From Dalton early in the century to Cannizzaro in 1860, chemists had developed a picture of molecules comprising known atoms in known numbers bound closely together.
These two strands of early nineteenth-century study came together in a brilliant way from Pasteur in 1860 to van’t Hoff and Le Bel in 1874. Molecules came to be pictured in 3-dimensional space with specific geometrical arrangement of the atoms. In particular, it was realised that when a carbon atom was bonded to four other atoms or groups, the carbon atom lay at the centre of a tetrahedron and the atoms or groups to which it was bonded lay at the corners. Such an arrangement meant that, if the four other atoms or groups differed from each other, the molecule would exist in two non-superimposable mirror-image (“enantiomeric”) forms and that each form would rotate the plane of polarised light equally and in opposite directions. Later, Lord Kelvin coined the word “chiral” for such “handed” molecules.
To arrive at such a detailed picture primarily by induction from macroscopic evidence was a great intellectual achievement, and in the twentieth century the validity of the picture was confirmed by direct investigation at the atomic level, especially by X-ray diffraction. In due course, X-ray diffraction allowed even the determination of absolute configuration, ie which mirror image (“R” or “S”) corresponded to the "(+)" enantiomer and which corresponded to the “(–)" enantiomer (historically notated "d" and "l" for "dextrarotatory" and "laevorotatory").
In 1895, Aimé Cotton published his discovery that chiral compounds with strong absorption of light such as transition metal tartrates displayed "anomalous" “optical rotatory dispersion” and “circular dichroism”. His technique as a means of studying molecular structure has been developed greatly since the 1960s, with improved instrumentation and the availability of powerful ultraviolet light from the Diamond Light Source. The technique can now be used, for instance, in the study of proteins in their natural biological rather than crystalline state.

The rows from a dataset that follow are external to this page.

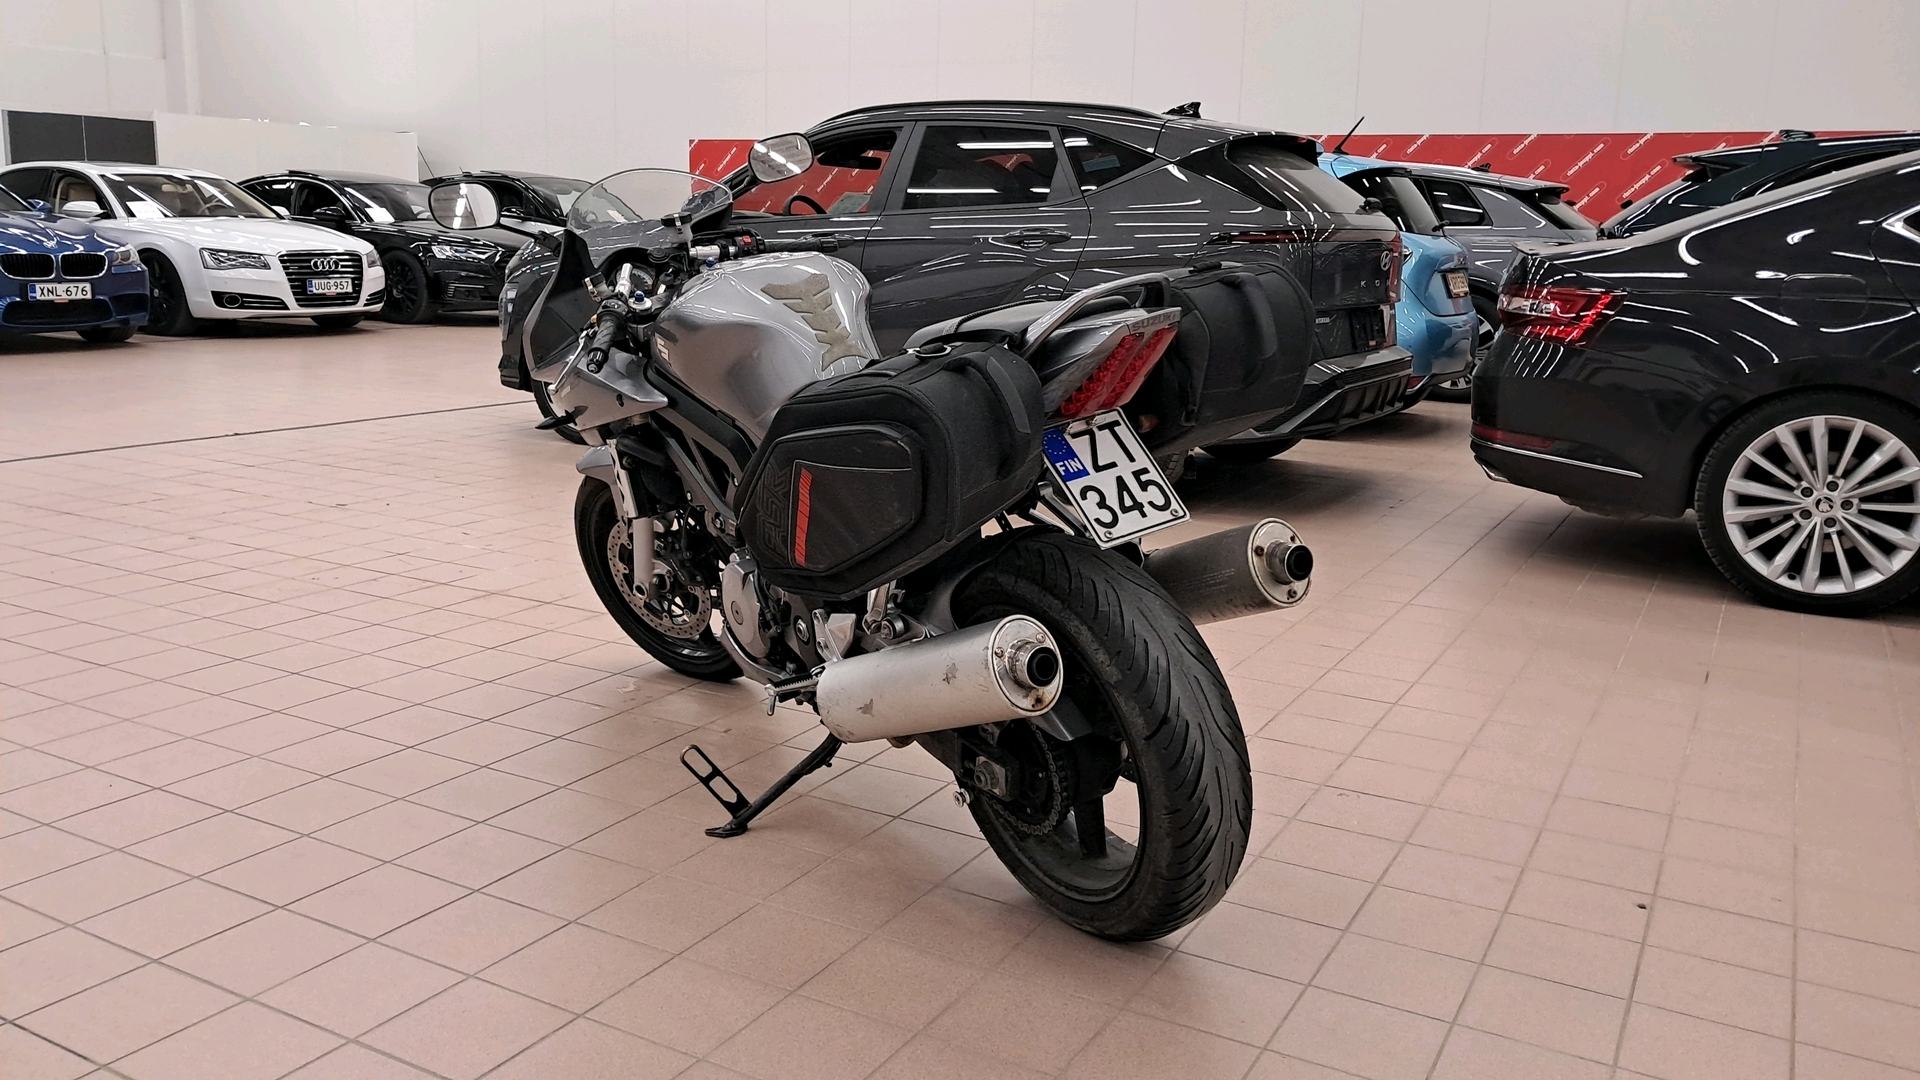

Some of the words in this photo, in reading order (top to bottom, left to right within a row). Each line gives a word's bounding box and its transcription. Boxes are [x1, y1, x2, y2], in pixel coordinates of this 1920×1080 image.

[39, 286, 88, 297] XNL-676
[314, 281, 350, 291] UUG-957
[1131, 312, 1177, 332] SUZUKI
[1070, 419, 1137, 473] ZT
[1055, 457, 1084, 476] FIN
[1080, 467, 1172, 529] 345

Chirality is important because it matters to life; molecules arising from a particular biological process are often, though not always, in just one of two chiral forms. In Lewis Carroll’s Through the looking glass and what Alice found there, Alice speculates that “Perhaps Looking-glass milk isn't good to drink” – and she may be right at least in relation to the sugar lactose in the milk. And nowadays pharmaceutical products, usually sufficiently complex molecules to exist in chiral forms, may be administered in just one form in case the other form is bad for the patient. This has stimulated much development of chiral synthesis and of separation of enantiomers.
Speakers and session chairs are Dr Ian Blagbrough (University of Bath), Prof. Alan Dronsfield (University of Derby), Dr Michael Jewess (Organising Committee), Prof. Henry Rzepa (Imperial College), Prof. Giuliano Siligardi (Diamond Light Source), Dr Jane Skelly (Lewis Carroll Society), and Prof. John Steeds, FRS (University of Bristol).